Attempt to pull out 55,000 bags of seized sugar from Bulacan warehouse bared
MANILA, Philippines—Unidentified persons had allegedly tried to withdraw 55,000 bags of sugar which were seized in 2010 and stored at a customs warehouse in Bulacan, a group representing industry stakeholders said Friday.
Customs authorities seized the sugar worth P110 million after being allegedly smuggled from Thailand and stored in the warehouse pending litigation, the Sugar Master Plan Foundation (SMPF) said.
Citing information from customs officers, SMPF executive director Felixberto T. Monasterio said the unidentified persons representing a “vested interest group” presented dubious court documents to the customs officers on Tuesday in trying to claim the bags of sugar “apparently with the intention to sell it to the market.”
“Fortunately, our customs officers were very alert and immediately called for backup,” and the group had to leave, Monasterio said in an interview by phone.
He said he had no idea who was behind the attempt to withdraw the “smuggled” sugar. Asked if a politician could be behind it, he said: “That’s what we’re afraid of. That’s why we are now going to media.”
Monasterio said the Bureau of Customs already ruled on Oct. 8 that the sugar volume was “clearly” illegally shipped, but his group was now asking the BOC and the Sugar Regulatory Administration to declare finally that the sugar was smuggled.

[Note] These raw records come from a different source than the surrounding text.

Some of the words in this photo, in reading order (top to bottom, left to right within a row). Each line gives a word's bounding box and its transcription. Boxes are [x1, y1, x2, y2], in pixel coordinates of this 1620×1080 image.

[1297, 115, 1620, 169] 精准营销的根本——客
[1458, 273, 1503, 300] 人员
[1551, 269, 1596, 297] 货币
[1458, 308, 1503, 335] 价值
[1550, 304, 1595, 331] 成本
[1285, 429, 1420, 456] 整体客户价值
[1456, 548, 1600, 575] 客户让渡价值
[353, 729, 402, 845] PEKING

“This is so the sugar can finally be disposed of by the SRA,” he told the Inquirer.
In a statement, Monasterio raised concerns that the release of the sugar volume to the market would depress prices to the detriment of farmers, considering that sugar remained a “sensitive commodity.”
“Any slump in price affects farmers, as the industry gives jobs to 60,000 farmers planting sugarcane on 420,000 hectares. The industry contributes P70 billion to the country’s gross domestic product and P2 billion in value-added tax,” he said.

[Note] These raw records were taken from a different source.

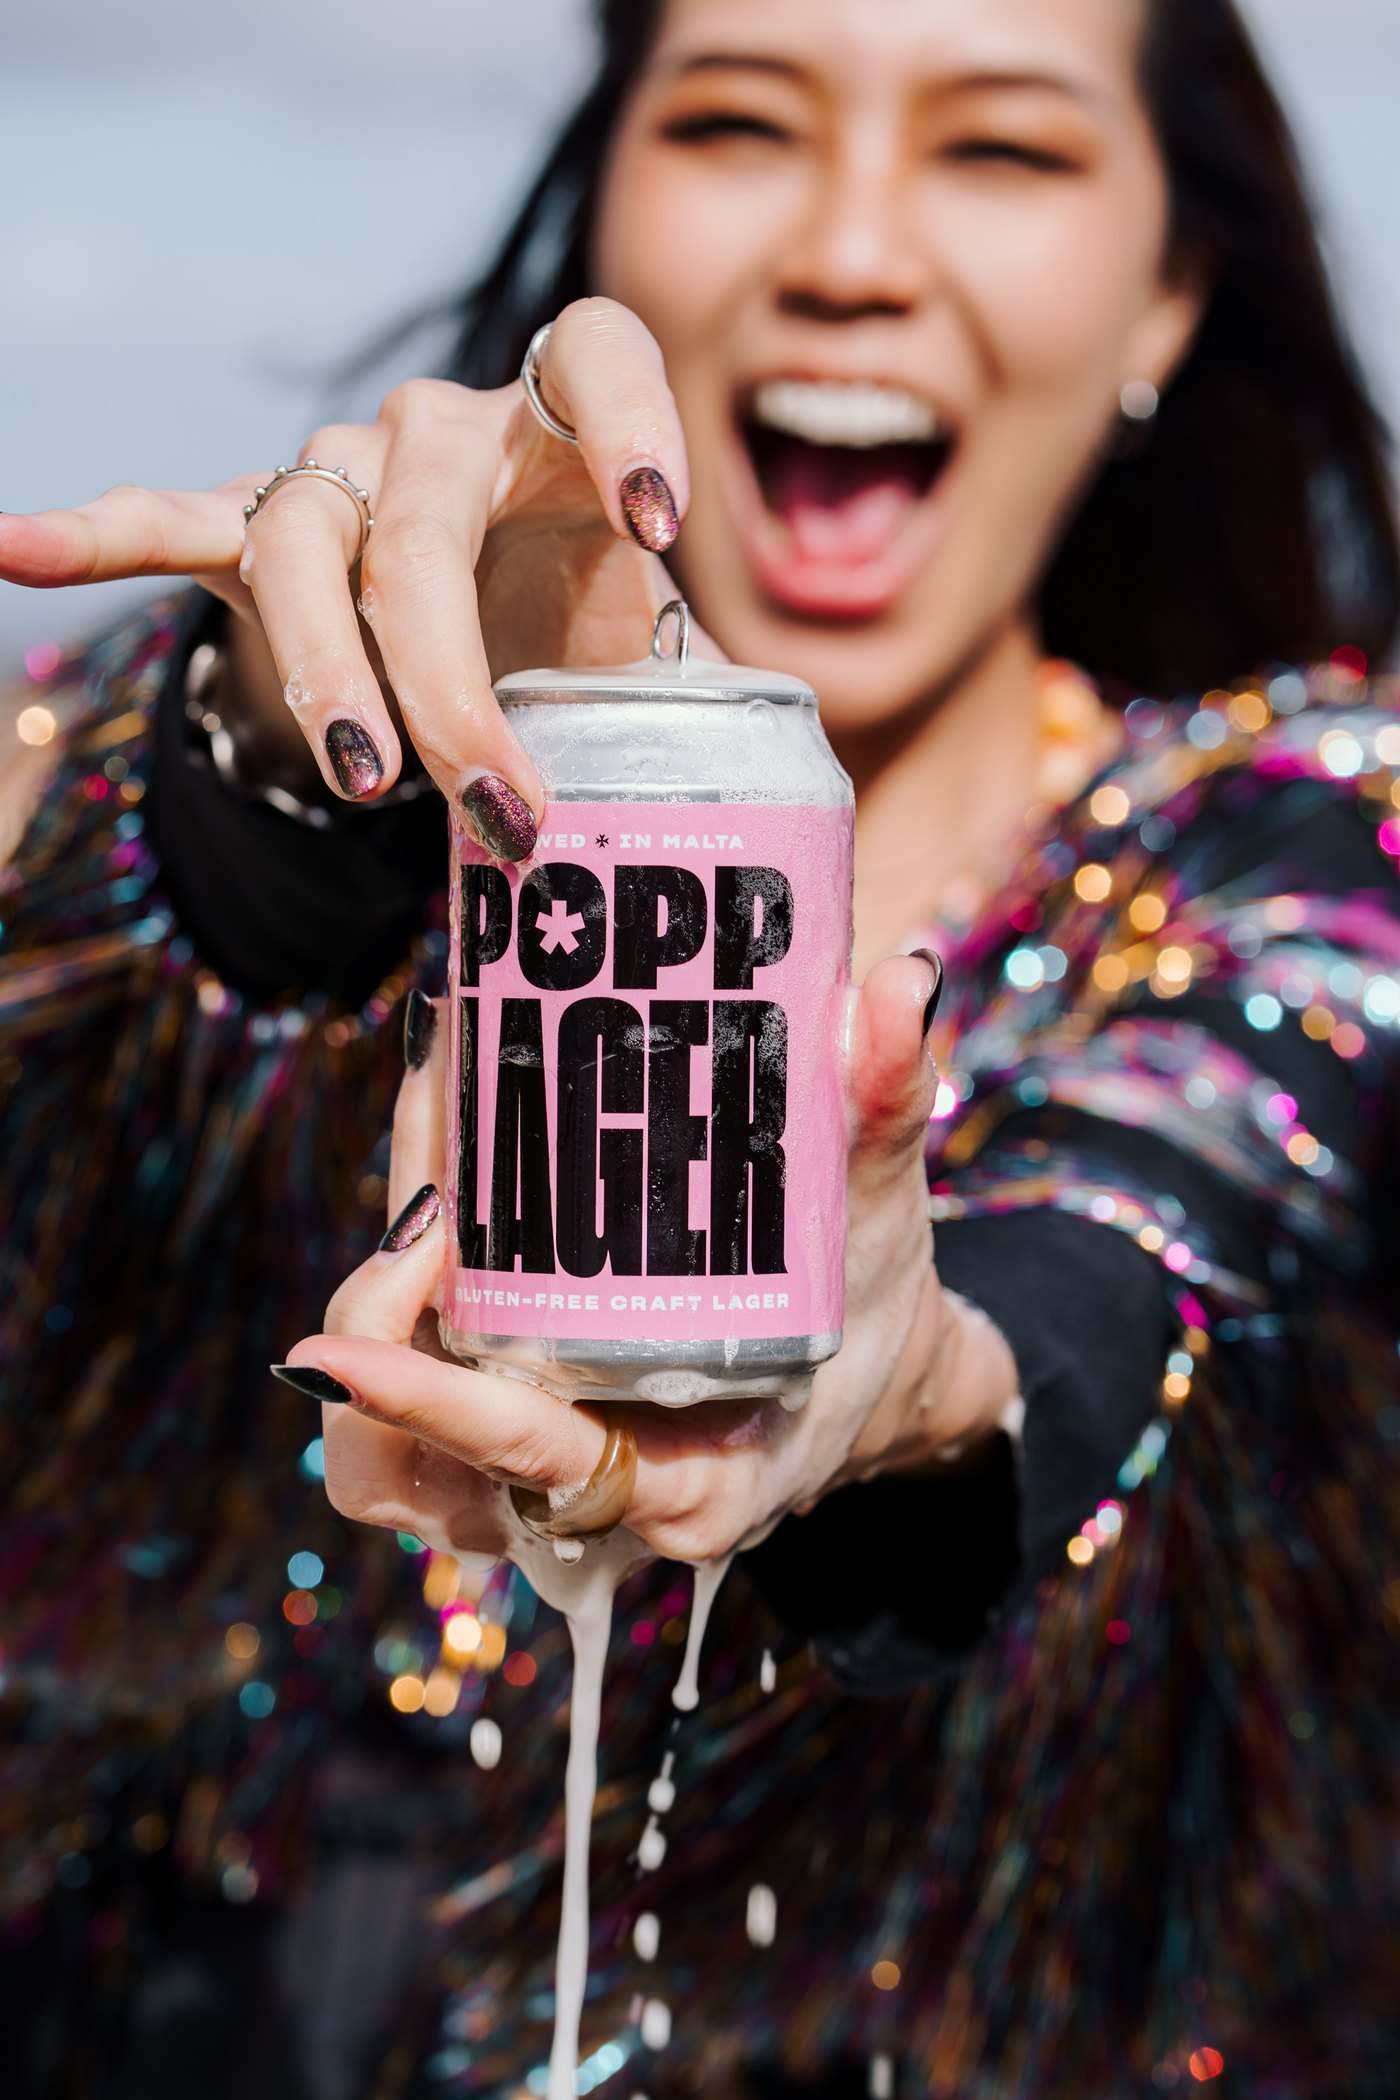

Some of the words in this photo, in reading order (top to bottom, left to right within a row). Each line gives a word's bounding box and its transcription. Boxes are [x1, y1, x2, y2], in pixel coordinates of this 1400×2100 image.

[536, 833, 586, 849] WED
[619, 833, 652, 849] IN
[663, 833, 744, 849] MALTA
[460, 862, 795, 991] POPP
[457, 996, 789, 1279] LAGER
[610, 1295, 702, 1312] CRAFT
[712, 1292, 790, 1311] LAGER
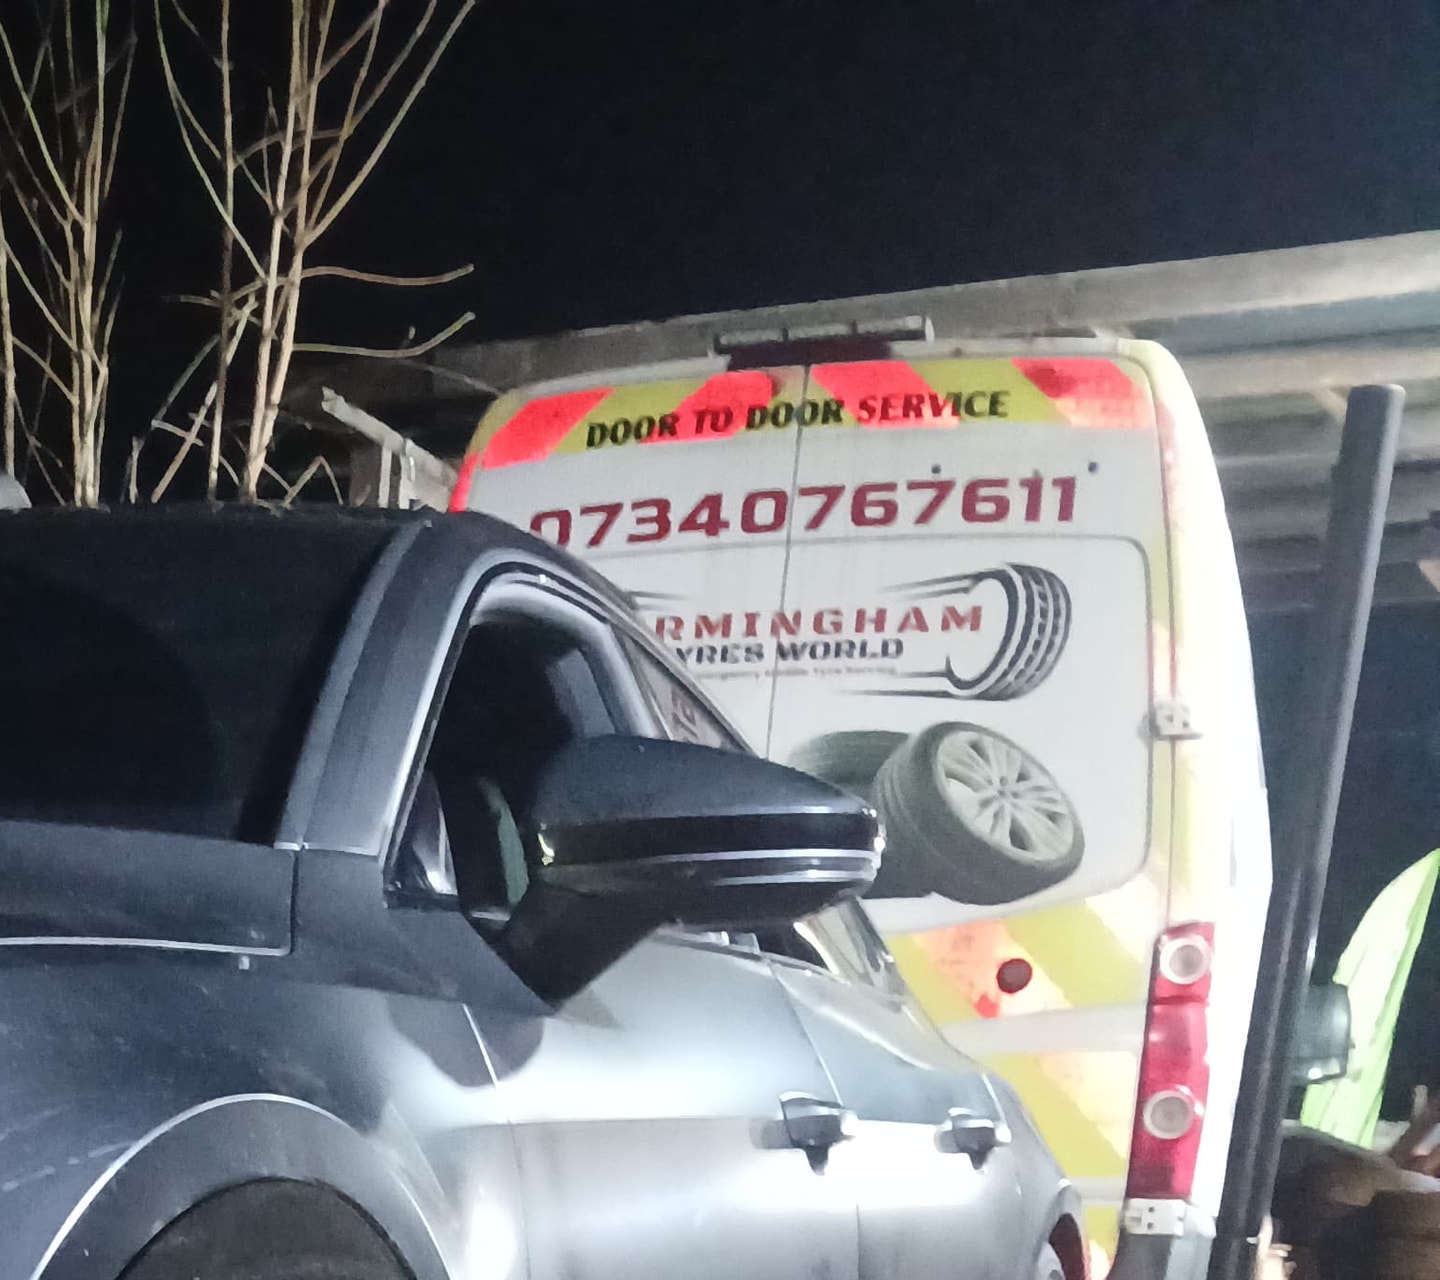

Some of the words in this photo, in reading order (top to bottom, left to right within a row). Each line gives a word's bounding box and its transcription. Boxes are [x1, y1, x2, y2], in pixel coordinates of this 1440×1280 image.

[586, 409, 680, 449] DOOR
[694, 406, 734, 434] TO
[746, 397, 844, 430] DOOR
[859, 390, 1011, 422] SERVICE
[529, 475, 1076, 549] 07340767611
[654, 604, 983, 641] RMINGHAM
[674, 642, 765, 665] YRES
[774, 637, 905, 663] WORLD

In 2010, the National Food Authority was allowed by the national government to import 150,000 metric tons of sugar in the first half to beef up local supply.
In the middle of the importation process, customs officials seized a shipment from Thailand of 54,907 bags of sugar that went beyond the volume allowed by the NFA. The importer was Unitrade International.
After a long legal tussle, the BOC’s Law Office declared the shipment illegal on Oct. 8, Monasterio said.
“However, another company, Yida Trading, filed on Oct. 25 a motion for reconsideration with BOC, saying it is the rightful claimant of the sugar. It claims as evidence the receipt issued to it by Unitrade upon purchase of the goods,” he said.
Monasterio said he did not believe Yida Trading was the same group that attempted to withdraw the stocks from the Bulacan warehouse.
Monasterio said the sugar industry was seeking government protection against illegal importation as the industry was struggling with volatile prices.
The industry, he said, is already beset with its own worries as Philippine sugar “will not be able to compete with Thailand sugar,” which is highly subsidized by its government, especially when the Asean Free Trade Agreement (AFTA) takes effect in 2015.
“AFTA will further expose small farmers tilling 10 hectares and below to cut-throat competition. Small farmers running 10 hectares and below represent nearly 90 percent of the sugar industry,” he said.
SMPF is now implementing emergency measures to shield farmers from AFTA’s impact, Monasterio said. “We’re setting up safety nets to at least mitigate the expected entry of sugar from Thailand by 2015,” he said.
In 2000, the local sugar industry formulated a “Master Plan for the Sugar Industry” to address priority concerns and to increase productivity. Two years later, the SMPF was established to implement the various components of the master plan.